>>>>>

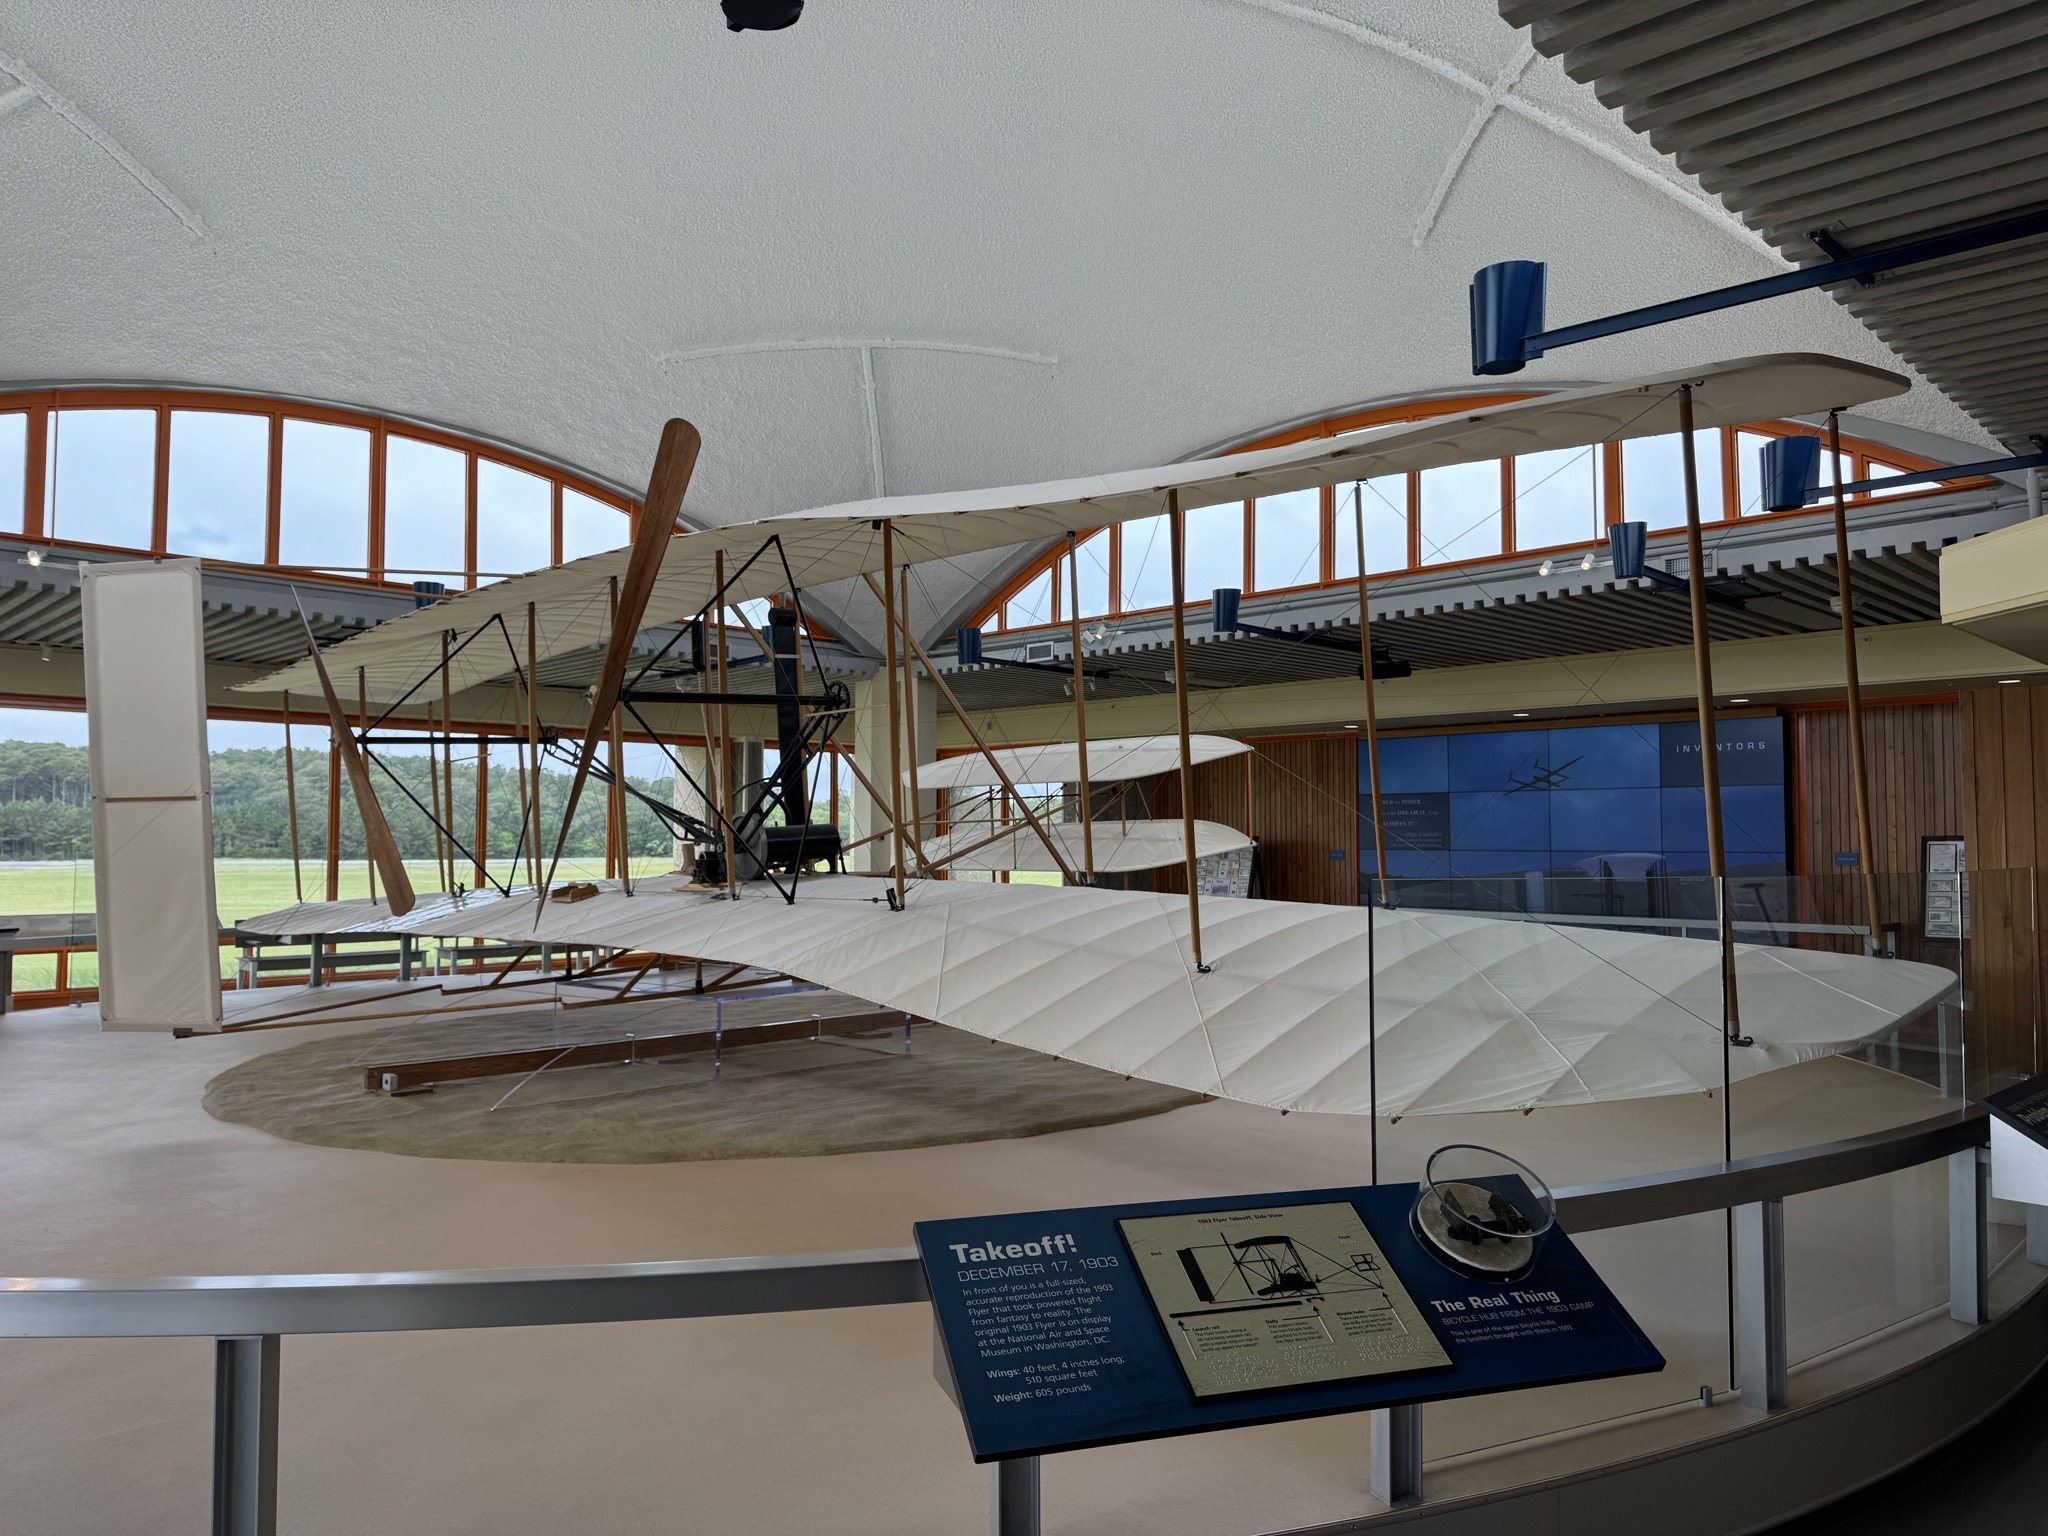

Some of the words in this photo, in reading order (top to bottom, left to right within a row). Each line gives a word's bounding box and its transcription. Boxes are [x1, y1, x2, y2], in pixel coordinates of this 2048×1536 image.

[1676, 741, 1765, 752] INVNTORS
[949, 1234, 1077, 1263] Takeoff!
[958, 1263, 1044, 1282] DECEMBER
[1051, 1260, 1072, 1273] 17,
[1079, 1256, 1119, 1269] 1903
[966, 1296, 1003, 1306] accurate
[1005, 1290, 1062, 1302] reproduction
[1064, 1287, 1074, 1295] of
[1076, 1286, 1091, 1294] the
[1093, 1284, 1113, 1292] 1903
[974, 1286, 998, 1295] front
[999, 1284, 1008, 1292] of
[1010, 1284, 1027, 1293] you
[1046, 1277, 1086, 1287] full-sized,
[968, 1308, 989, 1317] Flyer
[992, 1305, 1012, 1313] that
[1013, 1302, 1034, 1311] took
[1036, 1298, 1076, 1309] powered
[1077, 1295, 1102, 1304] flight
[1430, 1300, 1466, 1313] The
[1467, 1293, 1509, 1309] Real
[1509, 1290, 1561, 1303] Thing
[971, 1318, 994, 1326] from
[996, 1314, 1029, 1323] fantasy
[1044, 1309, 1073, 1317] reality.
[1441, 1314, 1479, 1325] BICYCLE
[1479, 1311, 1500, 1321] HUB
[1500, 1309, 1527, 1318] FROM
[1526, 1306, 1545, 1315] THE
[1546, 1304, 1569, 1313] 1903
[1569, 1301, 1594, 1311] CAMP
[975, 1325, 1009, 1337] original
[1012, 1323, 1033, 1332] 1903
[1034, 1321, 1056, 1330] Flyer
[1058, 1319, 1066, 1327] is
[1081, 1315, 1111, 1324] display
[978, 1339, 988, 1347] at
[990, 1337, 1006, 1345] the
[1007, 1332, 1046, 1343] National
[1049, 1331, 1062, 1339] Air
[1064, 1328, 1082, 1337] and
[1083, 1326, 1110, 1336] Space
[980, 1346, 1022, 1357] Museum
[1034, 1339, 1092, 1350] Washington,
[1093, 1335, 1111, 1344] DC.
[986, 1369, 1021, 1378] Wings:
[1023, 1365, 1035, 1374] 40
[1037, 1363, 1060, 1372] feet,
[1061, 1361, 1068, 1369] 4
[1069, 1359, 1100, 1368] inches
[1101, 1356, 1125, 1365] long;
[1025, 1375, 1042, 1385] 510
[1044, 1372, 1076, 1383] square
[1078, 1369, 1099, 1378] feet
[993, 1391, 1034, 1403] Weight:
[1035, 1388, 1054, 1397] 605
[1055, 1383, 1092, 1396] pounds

<<<<<

◆ About this task
Would you please repeat the entries above verbatim, excluding each picture?

◆ Response to the exercise
Some of the words in this photo, in reading order (top to bottom, left to right within a row). Each line gives a word's bounding box and its transcription. Boxes are [x1, y1, x2, y2], in pixel coordinates of this 2048×1536 image.

[1676, 741, 1765, 752] INVNTORS
[949, 1234, 1077, 1263] Takeoff!
[958, 1263, 1044, 1282] DECEMBER
[1051, 1260, 1072, 1273] 17,
[1079, 1256, 1119, 1269] 1903
[966, 1296, 1003, 1306] accurate
[1005, 1290, 1062, 1302] reproduction
[1064, 1287, 1074, 1295] of
[1076, 1286, 1091, 1294] the
[1093, 1284, 1113, 1292] 1903
[974, 1286, 998, 1295] front
[999, 1284, 1008, 1292] of
[1010, 1284, 1027, 1293] you
[1046, 1277, 1086, 1287] full-sized,
[968, 1308, 989, 1317] Flyer
[992, 1305, 1012, 1313] that
[1013, 1302, 1034, 1311] took
[1036, 1298, 1076, 1309] powered
[1077, 1295, 1102, 1304] flight
[1430, 1300, 1466, 1313] The
[1467, 1293, 1509, 1309] Real
[1509, 1290, 1561, 1303] Thing
[971, 1318, 994, 1326] from
[996, 1314, 1029, 1323] fantasy
[1044, 1309, 1073, 1317] reality.
[1441, 1314, 1479, 1325] BICYCLE
[1479, 1311, 1500, 1321] HUB
[1500, 1309, 1527, 1318] FROM
[1526, 1306, 1545, 1315] THE
[1546, 1304, 1569, 1313] 1903
[1569, 1301, 1594, 1311] CAMP
[975, 1325, 1009, 1337] original
[1012, 1323, 1033, 1332] 1903
[1034, 1321, 1056, 1330] Flyer
[1058, 1319, 1066, 1327] is
[1081, 1315, 1111, 1324] display
[978, 1339, 988, 1347] at
[990, 1337, 1006, 1345] the
[1007, 1332, 1046, 1343] National
[1049, 1331, 1062, 1339] Air
[1064, 1328, 1082, 1337] and
[1083, 1326, 1110, 1336] Space
[980, 1346, 1022, 1357] Museum
[1034, 1339, 1092, 1350] Washington,
[1093, 1335, 1111, 1344] DC.
[986, 1369, 1021, 1378] Wings:
[1023, 1365, 1035, 1374] 40
[1037, 1363, 1060, 1372] feet,
[1061, 1361, 1068, 1369] 4
[1069, 1359, 1100, 1368] inches
[1101, 1356, 1125, 1365] long;
[1025, 1375, 1042, 1385] 510
[1044, 1372, 1076, 1383] square
[1078, 1369, 1099, 1378] feet
[993, 1391, 1034, 1403] Weight:
[1035, 1388, 1054, 1397] 605
[1055, 1383, 1092, 1396] pounds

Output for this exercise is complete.